For all its silence, the sky has a language. Without any words the stars speak many things right into our hearts. They hand there so silent and radiant — and how one's breast swells at the thought of being able to attain the same purity. At times it seems as if their light is of little benefit. Yet is is by them that we measure hours, days, and years. By them — or at least by the star nearest to us, the sun — we have light and heart, and our existence depends on it.

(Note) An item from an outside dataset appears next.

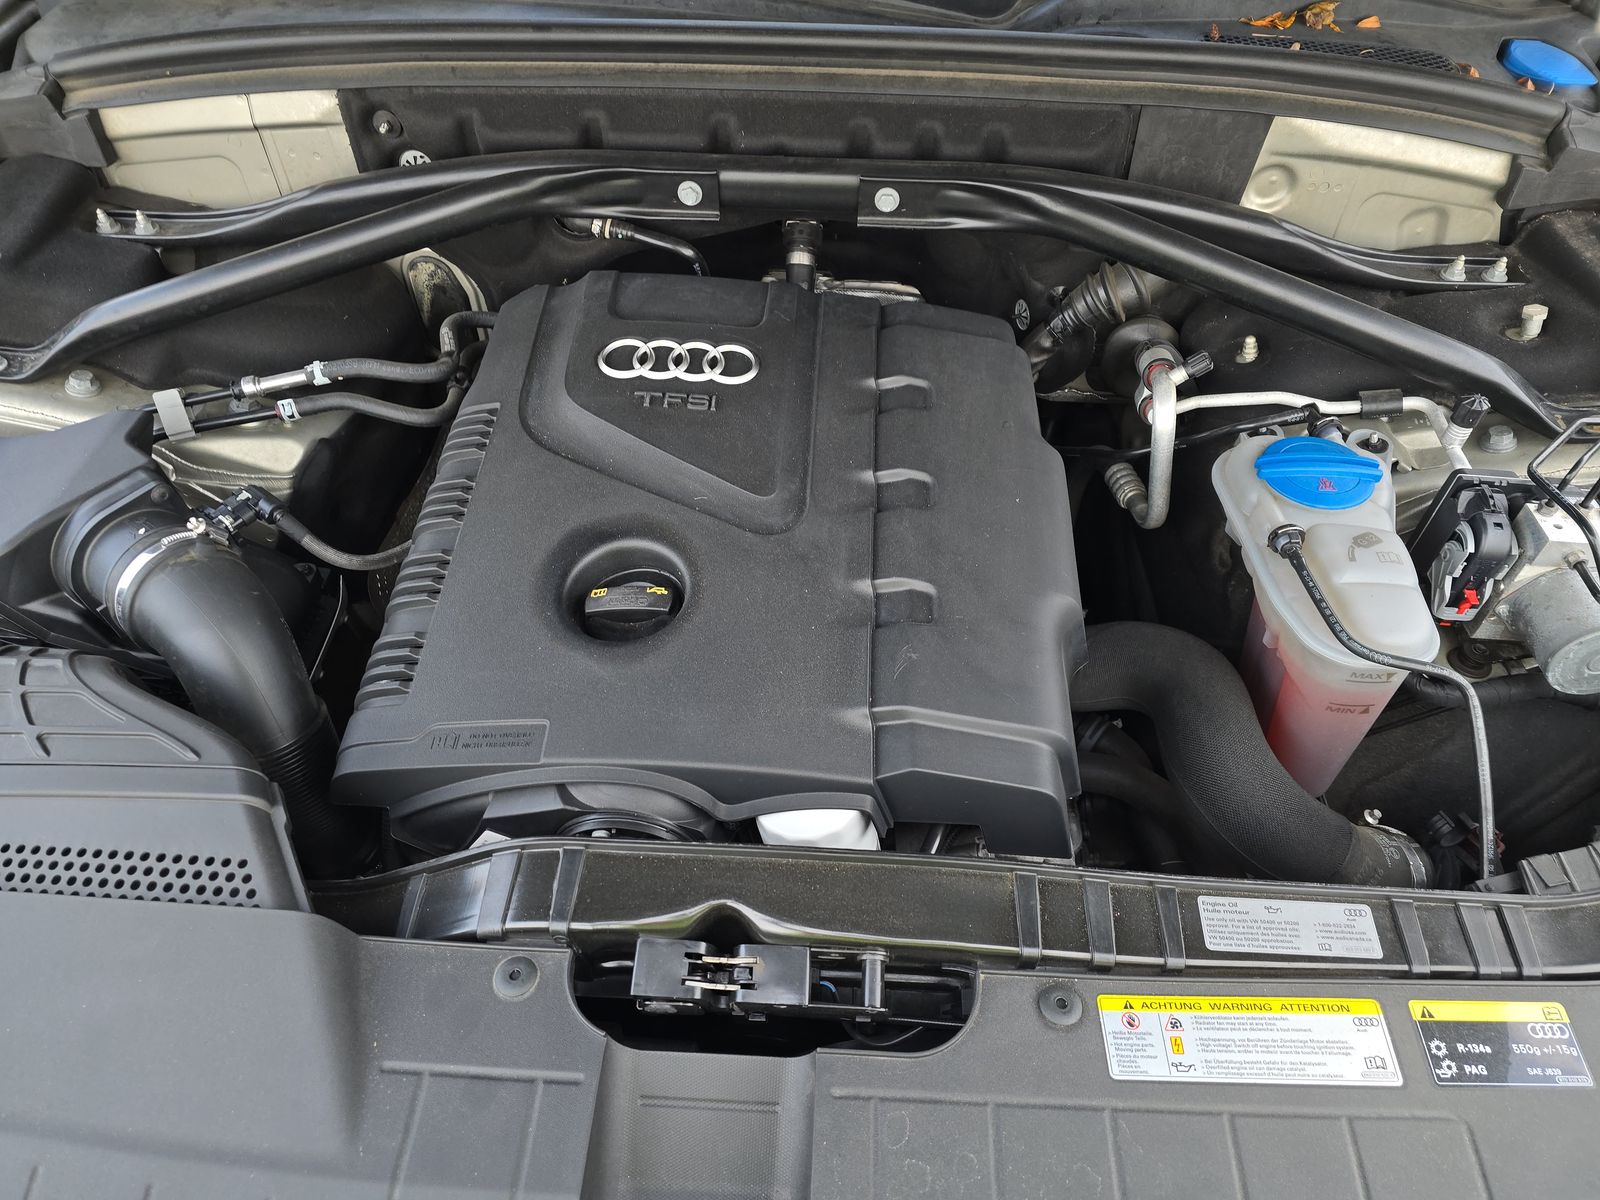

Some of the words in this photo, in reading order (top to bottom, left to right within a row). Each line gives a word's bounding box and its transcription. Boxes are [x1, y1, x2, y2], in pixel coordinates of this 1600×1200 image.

Teilhard de Chardin's knowledge of himself in the Silence is powerfully described in the DIVINE MILIEU:
We must try to penetrate our most secret self, and examine our being from all sides. Let us try, patiently, to perceive the ocean of forces to which we are subjected and in which our growth is, as it were, steeped ... And so, for the first time in my life perhaps (although I am supposed to meditate every day!), I took the lamp and, leaving the zone of everyday occupations and relationships where everything seems clear, I went down into my inmost self, to the deep abyss whence I feel dimly that my power of action emanates. But as I moved further and further away from the conventual, I became aware that I was losing contact with myself. At each step of the descent, a new person was disclosed within me of whose name I was no longer sure, and who no longer obeyed me. And when I had to stop my exploration because the path faded from beneath my steps, I found a bottomless abyss at my feet ... and, if someone saved me, it was hearing the voice of the Gospel speaking to me from the depth of the night: ego sum, noli timere ... It is I, be not afraid!